(Saved entries)
══════════════════════════════
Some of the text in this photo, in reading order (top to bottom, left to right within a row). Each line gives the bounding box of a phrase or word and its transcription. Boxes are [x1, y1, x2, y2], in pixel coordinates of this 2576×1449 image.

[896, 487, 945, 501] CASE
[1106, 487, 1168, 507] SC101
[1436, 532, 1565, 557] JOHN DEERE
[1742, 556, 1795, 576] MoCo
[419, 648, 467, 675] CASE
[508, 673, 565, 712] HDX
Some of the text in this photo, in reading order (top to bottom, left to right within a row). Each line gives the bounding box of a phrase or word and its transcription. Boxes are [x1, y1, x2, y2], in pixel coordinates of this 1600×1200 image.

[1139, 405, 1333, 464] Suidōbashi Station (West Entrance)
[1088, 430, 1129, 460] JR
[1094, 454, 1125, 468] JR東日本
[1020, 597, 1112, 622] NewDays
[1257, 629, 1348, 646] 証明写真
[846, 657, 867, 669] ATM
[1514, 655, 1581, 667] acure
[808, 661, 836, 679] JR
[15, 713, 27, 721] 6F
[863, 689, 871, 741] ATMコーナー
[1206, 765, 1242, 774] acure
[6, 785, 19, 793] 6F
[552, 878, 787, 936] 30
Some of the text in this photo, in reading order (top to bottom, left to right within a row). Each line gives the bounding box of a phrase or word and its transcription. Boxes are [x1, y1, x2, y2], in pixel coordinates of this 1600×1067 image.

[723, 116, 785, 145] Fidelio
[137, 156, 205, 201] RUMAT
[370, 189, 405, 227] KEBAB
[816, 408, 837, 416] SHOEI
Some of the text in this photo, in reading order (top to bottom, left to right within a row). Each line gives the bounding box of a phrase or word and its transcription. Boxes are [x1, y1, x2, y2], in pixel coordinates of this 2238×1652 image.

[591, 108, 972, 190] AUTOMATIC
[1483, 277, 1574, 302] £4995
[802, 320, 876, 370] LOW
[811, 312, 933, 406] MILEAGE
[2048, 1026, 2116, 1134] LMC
══════════════════════════════
WHAT NEEDS TO BE DONE: Transcribe all of the data, keeping every line identical.

RESPONSE TO THIS EXERCISE:
Some of the text in this photo, in reading order (top to bottom, left to right within a row). Each line gives the bounding box of a phrase or word and its transcription. Boxes are [x1, y1, x2, y2], in pixel coordinates of this 2576×1449 image.

[896, 487, 945, 501] CASE
[1106, 487, 1168, 507] SC101
[1436, 532, 1565, 557] JOHN DEERE
[1742, 556, 1795, 576] MoCo
[419, 648, 467, 675] CASE
[508, 673, 565, 712] HDX
Some of the text in this photo, in reading order (top to bottom, left to right within a row). Each line gives the bounding box of a phrase or word and its transcription. Boxes are [x1, y1, x2, y2], in pixel coordinates of this 1600×1200 image.

[1139, 405, 1333, 464] Suidōbashi Station (West Entrance)
[1088, 430, 1129, 460] JR
[1094, 454, 1125, 468] JR東日本
[1020, 597, 1112, 622] NewDays
[1257, 629, 1348, 646] 証明写真
[846, 657, 867, 669] ATM
[1514, 655, 1581, 667] acure
[808, 661, 836, 679] JR
[15, 713, 27, 721] 6F
[863, 689, 871, 741] ATMコーナー
[1206, 765, 1242, 774] acure
[6, 785, 19, 793] 6F
[552, 878, 787, 936] 30
Some of the text in this photo, in reading order (top to bottom, left to right within a row). Each line gives the bounding box of a phrase or word and its transcription. Boxes are [x1, y1, x2, y2], in pixel coordinates of this 1600×1067 image.

[723, 116, 785, 145] Fidelio
[137, 156, 205, 201] RUMAT
[370, 189, 405, 227] KEBAB
[816, 408, 837, 416] SHOEI
Some of the text in this photo, in reading order (top to bottom, left to right within a row). Each line gives the bounding box of a phrase or word and its transcription. Boxes are [x1, y1, x2, y2], in pixel coordinates of this 2238×1652 image.

[591, 108, 972, 190] AUTOMATIC
[1483, 277, 1574, 302] £4995
[802, 320, 876, 370] LOW
[811, 312, 933, 406] MILEAGE
[2048, 1026, 2116, 1134] LMC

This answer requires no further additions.